__THE PROBLEM__: Every entry below must be transcribed word for word, and the images must be left out.

__Data records__:
━━━━━━━━━━━━━━━━━━━━

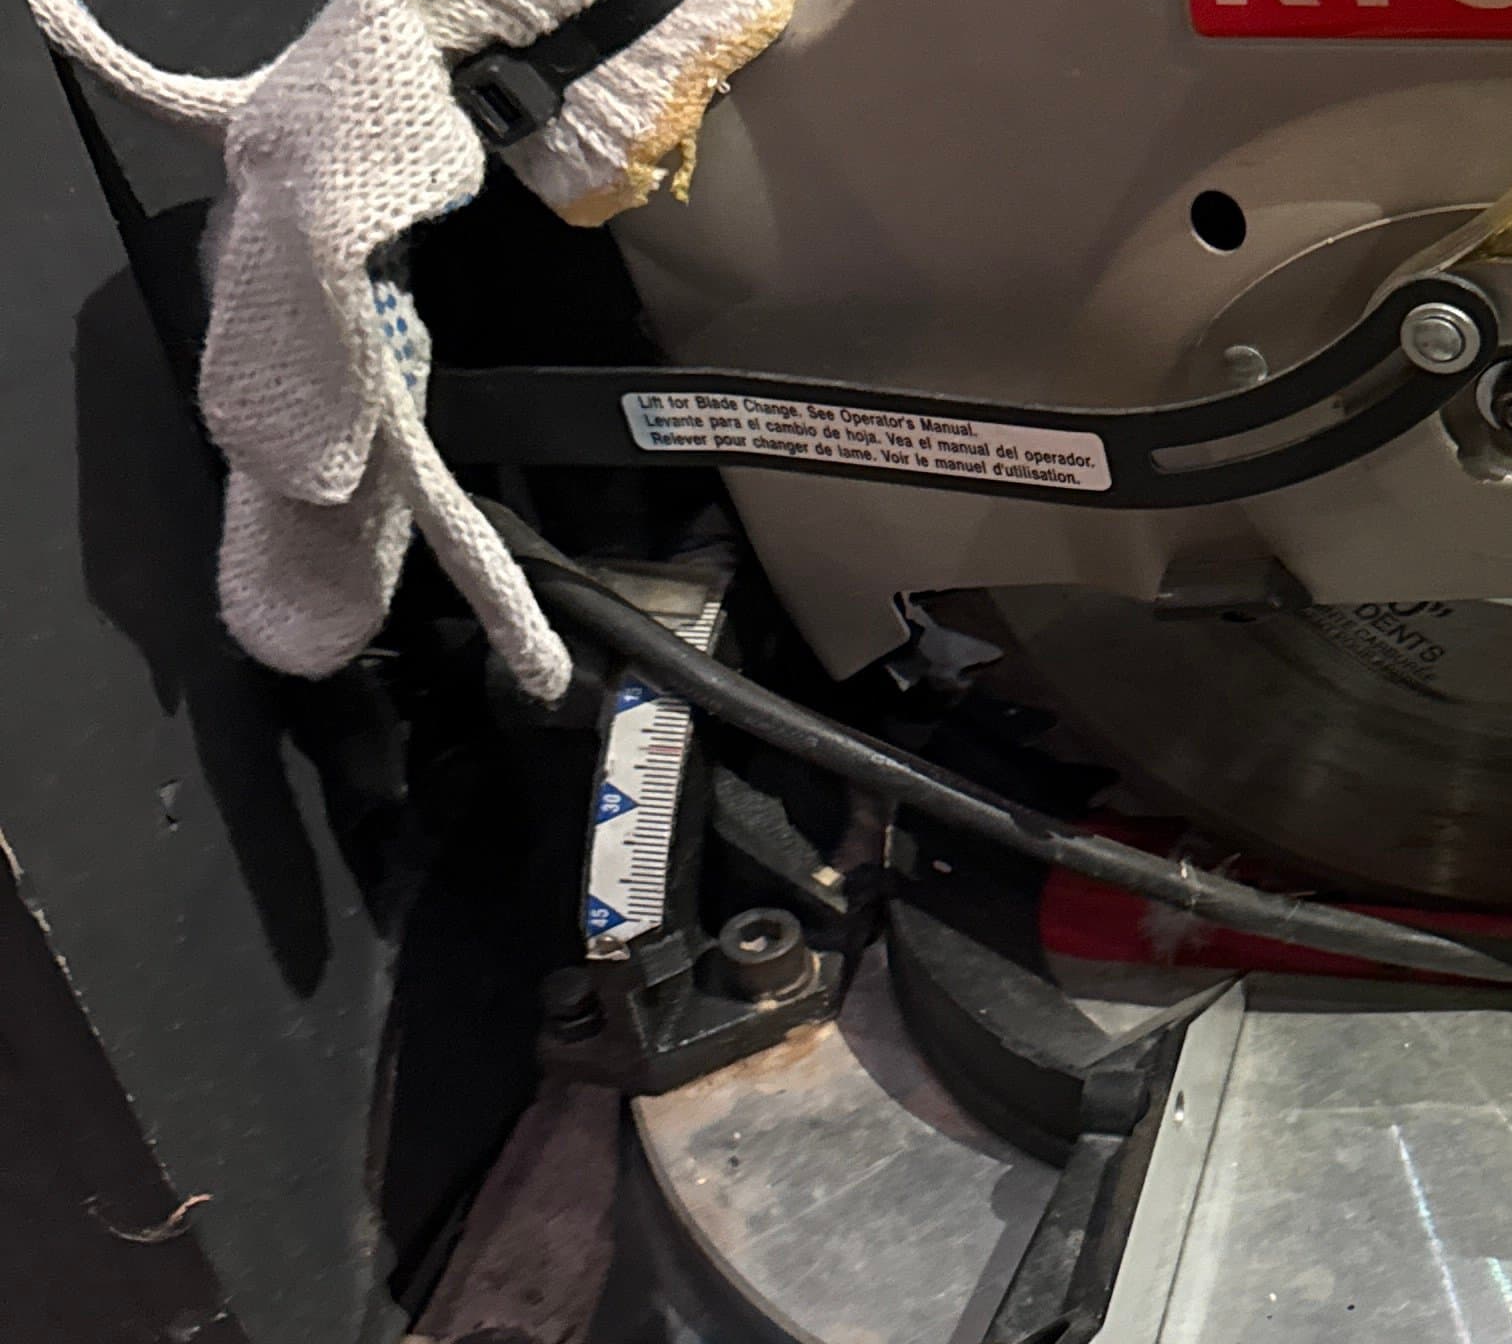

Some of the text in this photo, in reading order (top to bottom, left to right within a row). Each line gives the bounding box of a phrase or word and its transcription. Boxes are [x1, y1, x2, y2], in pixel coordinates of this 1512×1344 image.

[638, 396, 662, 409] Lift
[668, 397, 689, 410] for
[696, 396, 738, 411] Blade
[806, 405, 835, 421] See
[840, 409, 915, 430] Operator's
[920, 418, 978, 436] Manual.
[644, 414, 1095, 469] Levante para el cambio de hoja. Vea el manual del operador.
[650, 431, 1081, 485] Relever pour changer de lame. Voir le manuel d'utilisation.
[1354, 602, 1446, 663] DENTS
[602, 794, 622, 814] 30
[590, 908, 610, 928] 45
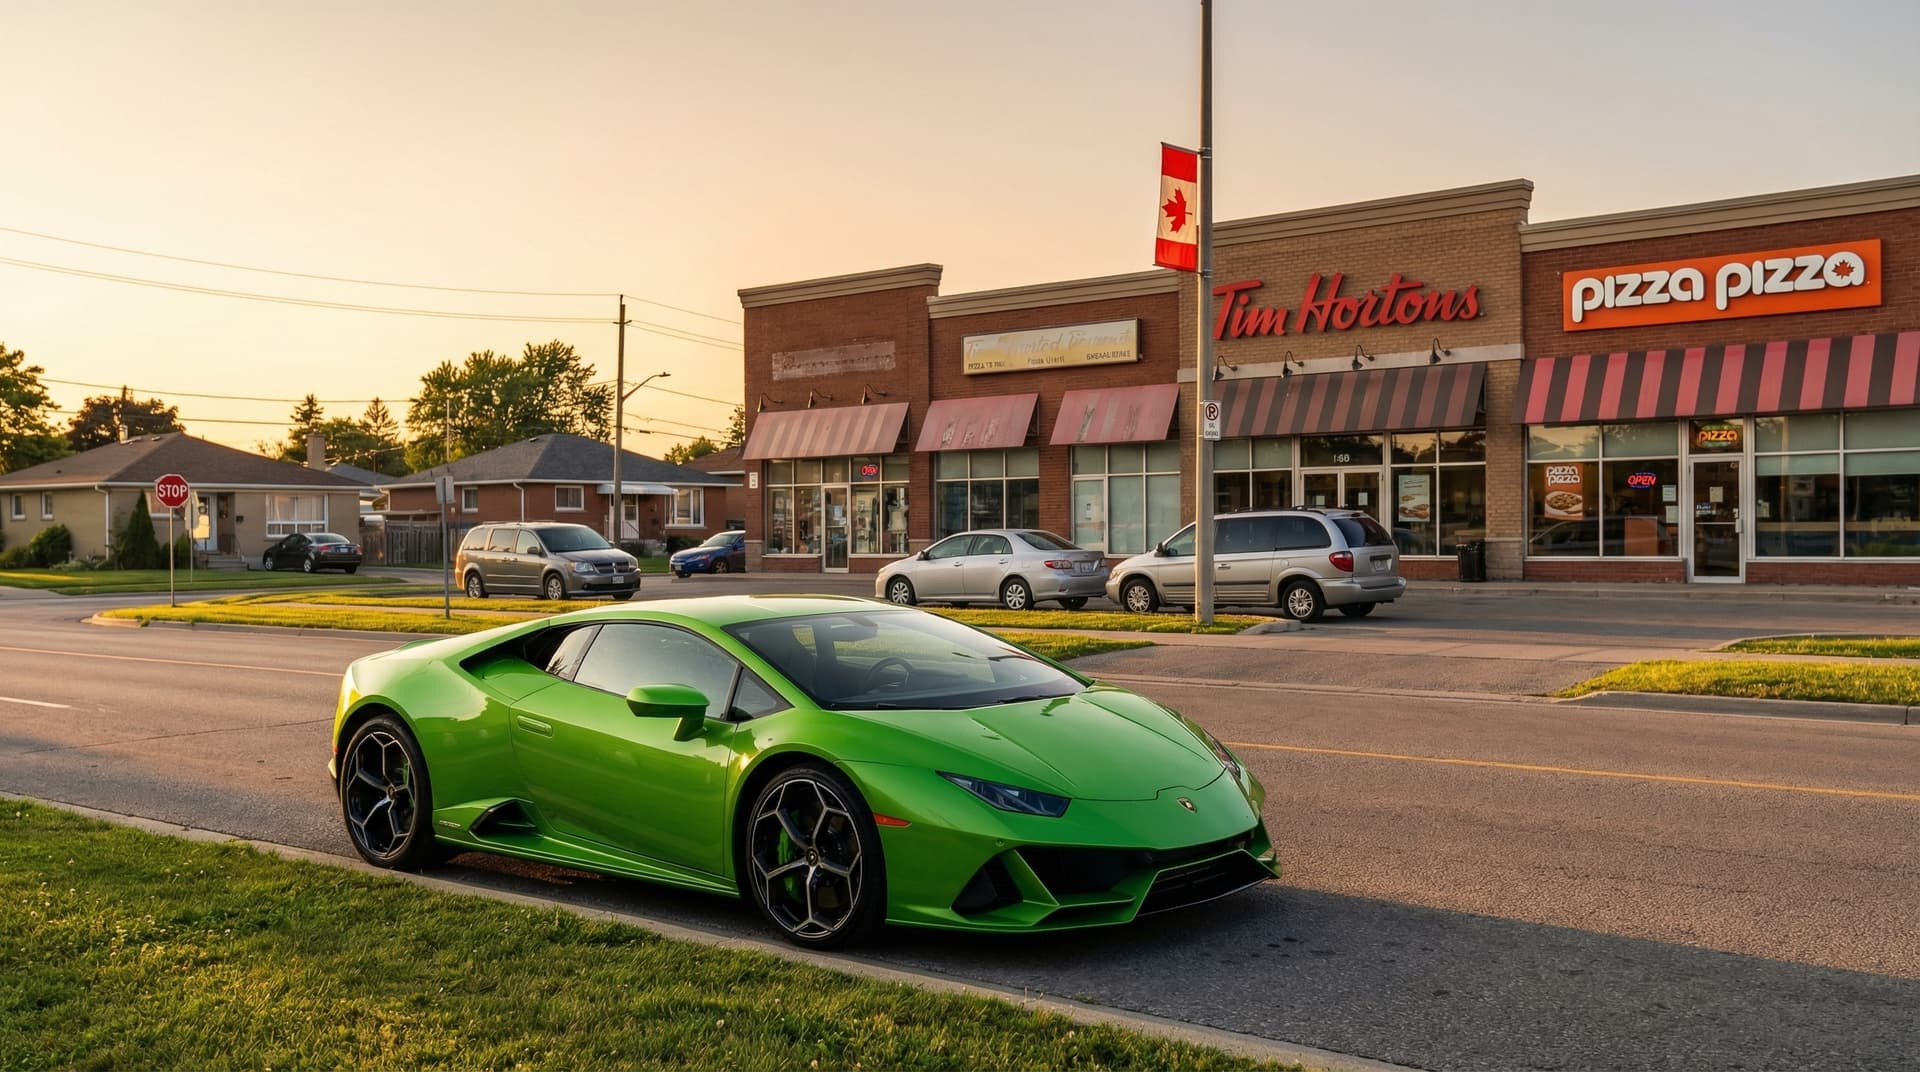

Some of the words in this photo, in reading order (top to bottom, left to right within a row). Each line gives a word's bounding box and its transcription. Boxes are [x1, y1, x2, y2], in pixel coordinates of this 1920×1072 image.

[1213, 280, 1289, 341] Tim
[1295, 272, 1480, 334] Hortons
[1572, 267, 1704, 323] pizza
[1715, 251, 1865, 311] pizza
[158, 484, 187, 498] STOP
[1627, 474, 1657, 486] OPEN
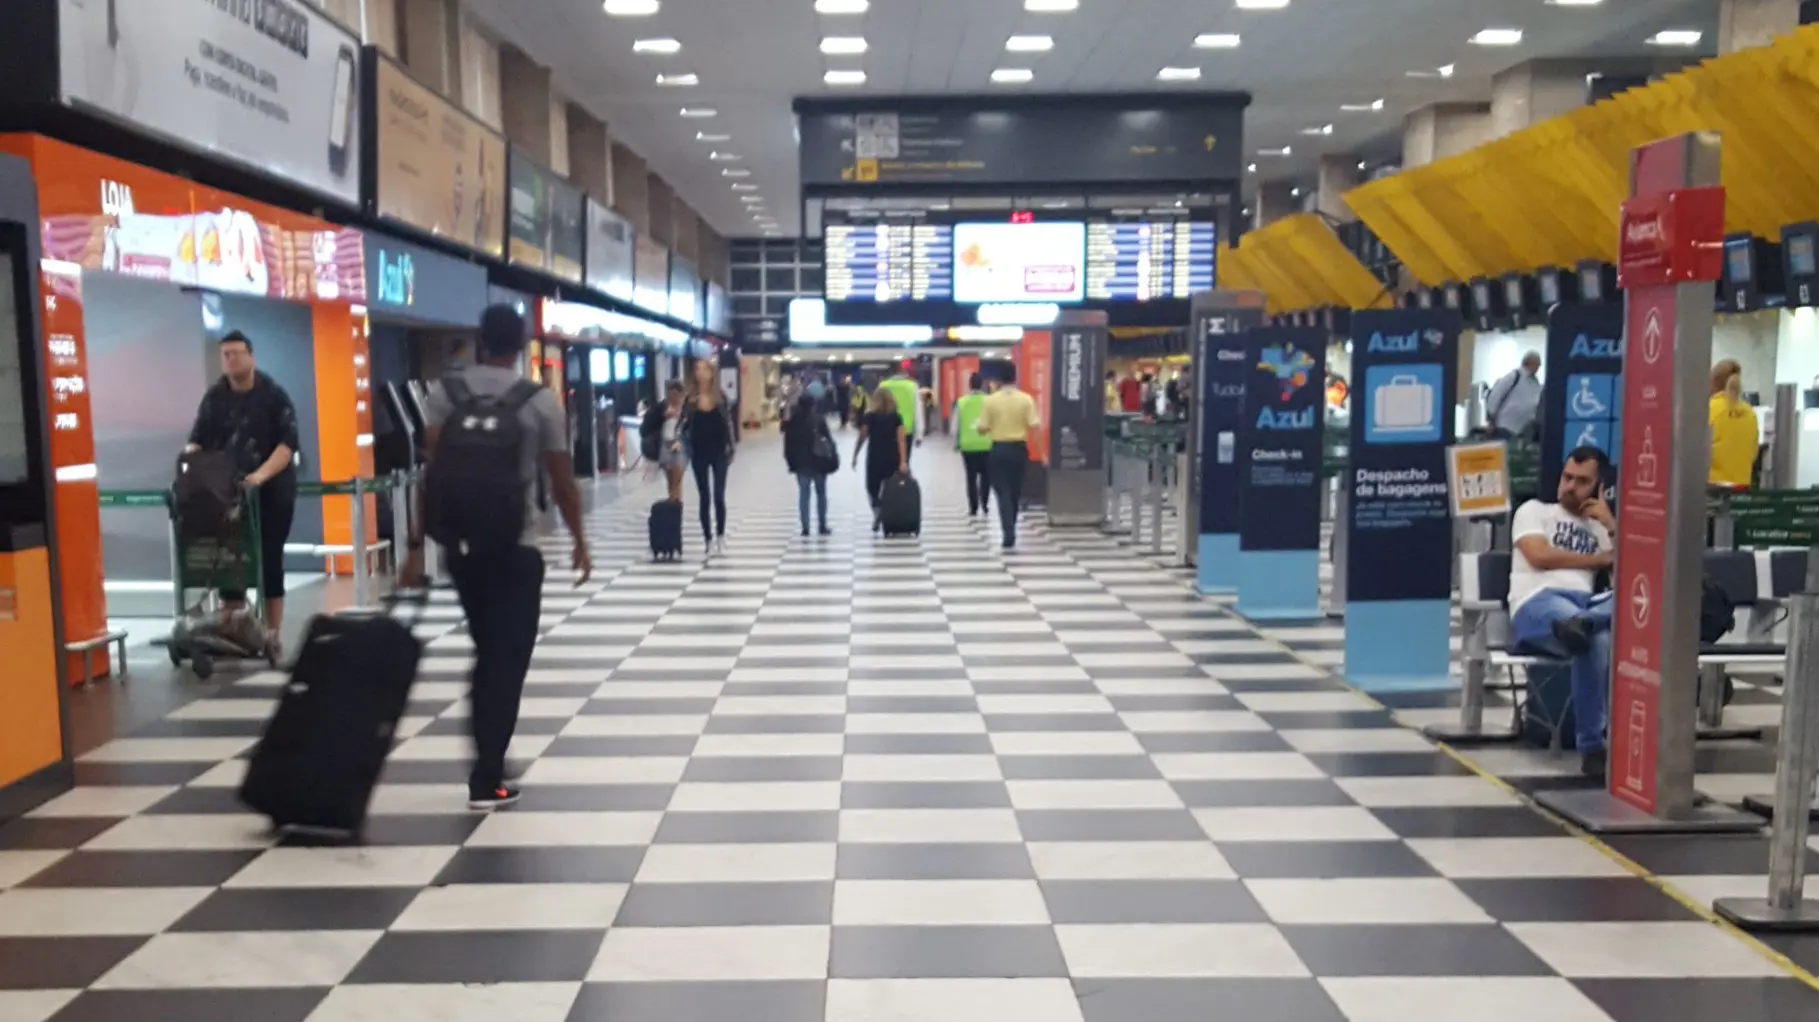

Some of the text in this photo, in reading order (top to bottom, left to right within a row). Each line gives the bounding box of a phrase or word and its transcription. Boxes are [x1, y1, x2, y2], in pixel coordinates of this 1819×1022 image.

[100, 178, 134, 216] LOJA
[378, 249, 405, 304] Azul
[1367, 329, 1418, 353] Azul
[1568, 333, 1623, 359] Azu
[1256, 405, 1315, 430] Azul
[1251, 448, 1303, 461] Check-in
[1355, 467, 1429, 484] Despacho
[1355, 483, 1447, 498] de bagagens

━━━━━━━━━━━━━━━━━━━━

__WRITTEN ANSWER__:
Some of the text in this photo, in reading order (top to bottom, left to right within a row). Each line gives the bounding box of a phrase or word and its transcription. Boxes are [x1, y1, x2, y2], in pixel coordinates of this 1512×1344 image.

[638, 396, 662, 409] Lift
[668, 397, 689, 410] for
[696, 396, 738, 411] Blade
[806, 405, 835, 421] See
[840, 409, 915, 430] Operator's
[920, 418, 978, 436] Manual.
[644, 414, 1095, 469] Levante para el cambio de hoja. Vea el manual del operador.
[650, 431, 1081, 485] Relever pour changer de lame. Voir le manuel d'utilisation.
[1354, 602, 1446, 663] DENTS
[602, 794, 622, 814] 30
[590, 908, 610, 928] 45

Some of the words in this photo, in reading order (top to bottom, left to right within a row). Each line gives a word's bounding box and its transcription. Boxes are [x1, y1, x2, y2], in pixel coordinates of this 1920×1072 image.

[1213, 280, 1289, 341] Tim
[1295, 272, 1480, 334] Hortons
[1572, 267, 1704, 323] pizza
[1715, 251, 1865, 311] pizza
[158, 484, 187, 498] STOP
[1627, 474, 1657, 486] OPEN

Some of the text in this photo, in reading order (top to bottom, left to right within a row). Each line gives the bounding box of a phrase or word and its transcription. Boxes are [x1, y1, x2, y2], in pixel coordinates of this 1819×1022 image.

[100, 178, 134, 216] LOJA
[378, 249, 405, 304] Azul
[1367, 329, 1418, 353] Azul
[1568, 333, 1623, 359] Azu
[1256, 405, 1315, 430] Azul
[1251, 448, 1303, 461] Check-in
[1355, 467, 1429, 484] Despacho
[1355, 483, 1447, 498] de bagagens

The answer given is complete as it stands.